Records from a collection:
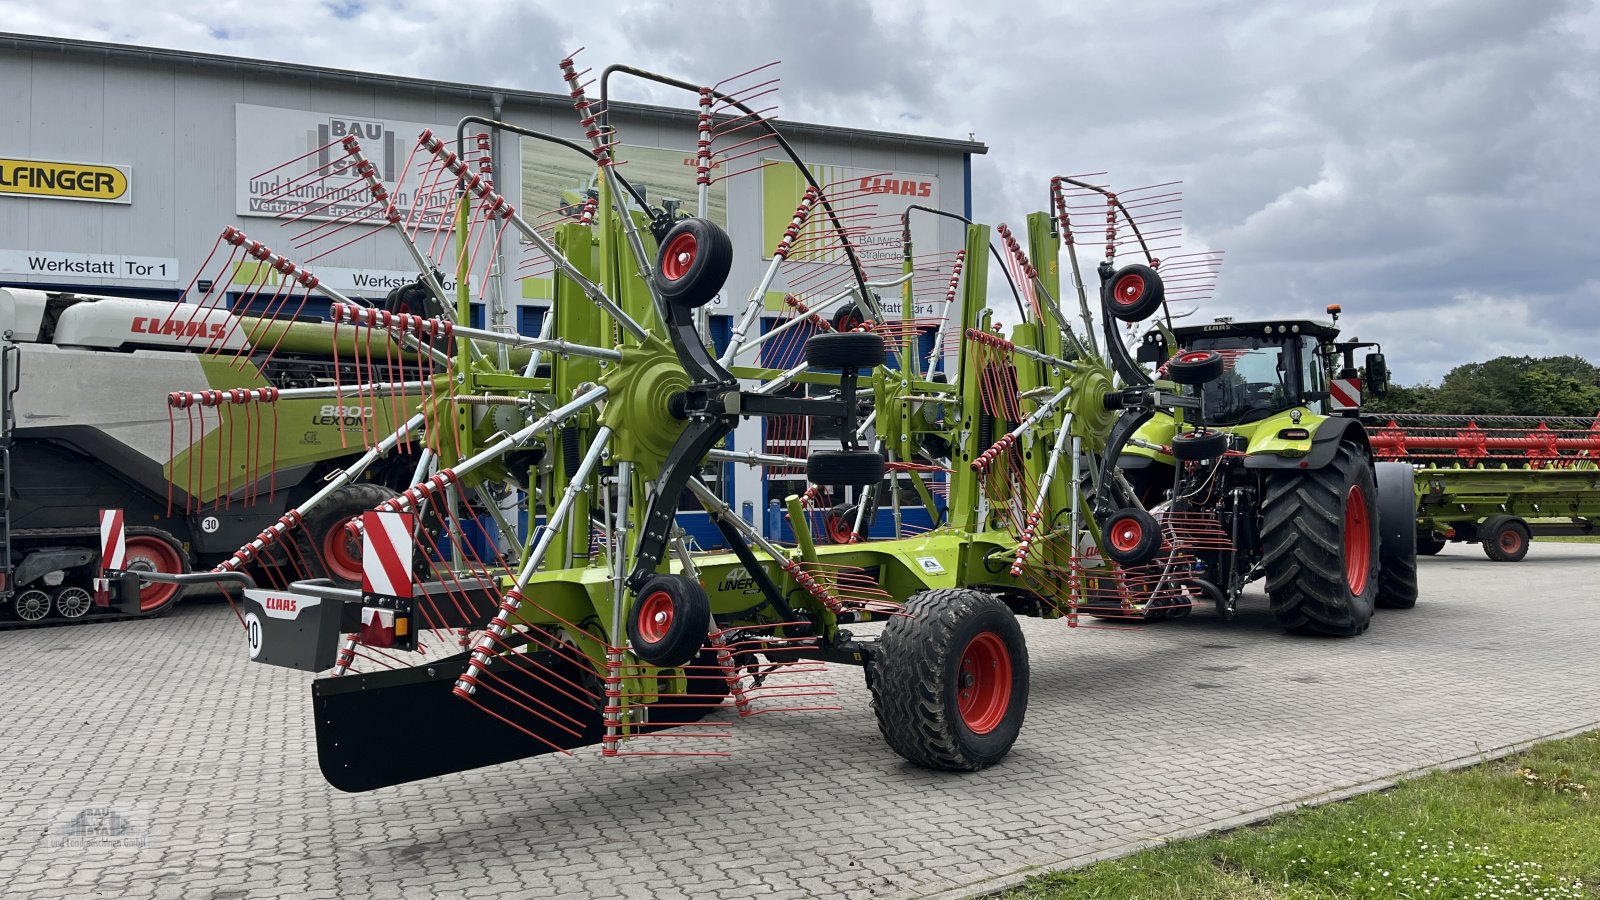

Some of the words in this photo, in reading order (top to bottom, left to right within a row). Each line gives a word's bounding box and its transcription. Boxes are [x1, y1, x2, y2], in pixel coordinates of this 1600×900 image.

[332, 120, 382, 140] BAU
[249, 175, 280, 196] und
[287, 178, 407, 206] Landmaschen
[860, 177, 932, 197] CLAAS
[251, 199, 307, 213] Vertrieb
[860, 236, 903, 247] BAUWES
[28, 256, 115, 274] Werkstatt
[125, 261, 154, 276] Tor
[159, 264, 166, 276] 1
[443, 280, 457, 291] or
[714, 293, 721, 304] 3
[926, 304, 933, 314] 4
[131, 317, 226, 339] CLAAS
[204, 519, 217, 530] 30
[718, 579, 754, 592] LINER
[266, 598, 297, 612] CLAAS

TASK |
Exact copy, no pictures: return the entries word for word.

ANSWER TO THIS PROBLEM |
Some of the words in this photo, in reading order (top to bottom, left to right within a row). Each line gives a word's bounding box and its transcription. Boxes are [x1, y1, x2, y2], in pixel coordinates of this 1600×900 image.

[332, 120, 382, 140] BAU
[249, 175, 280, 196] und
[287, 178, 407, 206] Landmaschen
[860, 177, 932, 197] CLAAS
[251, 199, 307, 213] Vertrieb
[860, 236, 903, 247] BAUWES
[28, 256, 115, 274] Werkstatt
[125, 261, 154, 276] Tor
[159, 264, 166, 276] 1
[443, 280, 457, 291] or
[714, 293, 721, 304] 3
[926, 304, 933, 314] 4
[131, 317, 226, 339] CLAAS
[204, 519, 217, 530] 30
[718, 579, 754, 592] LINER
[266, 598, 297, 612] CLAAS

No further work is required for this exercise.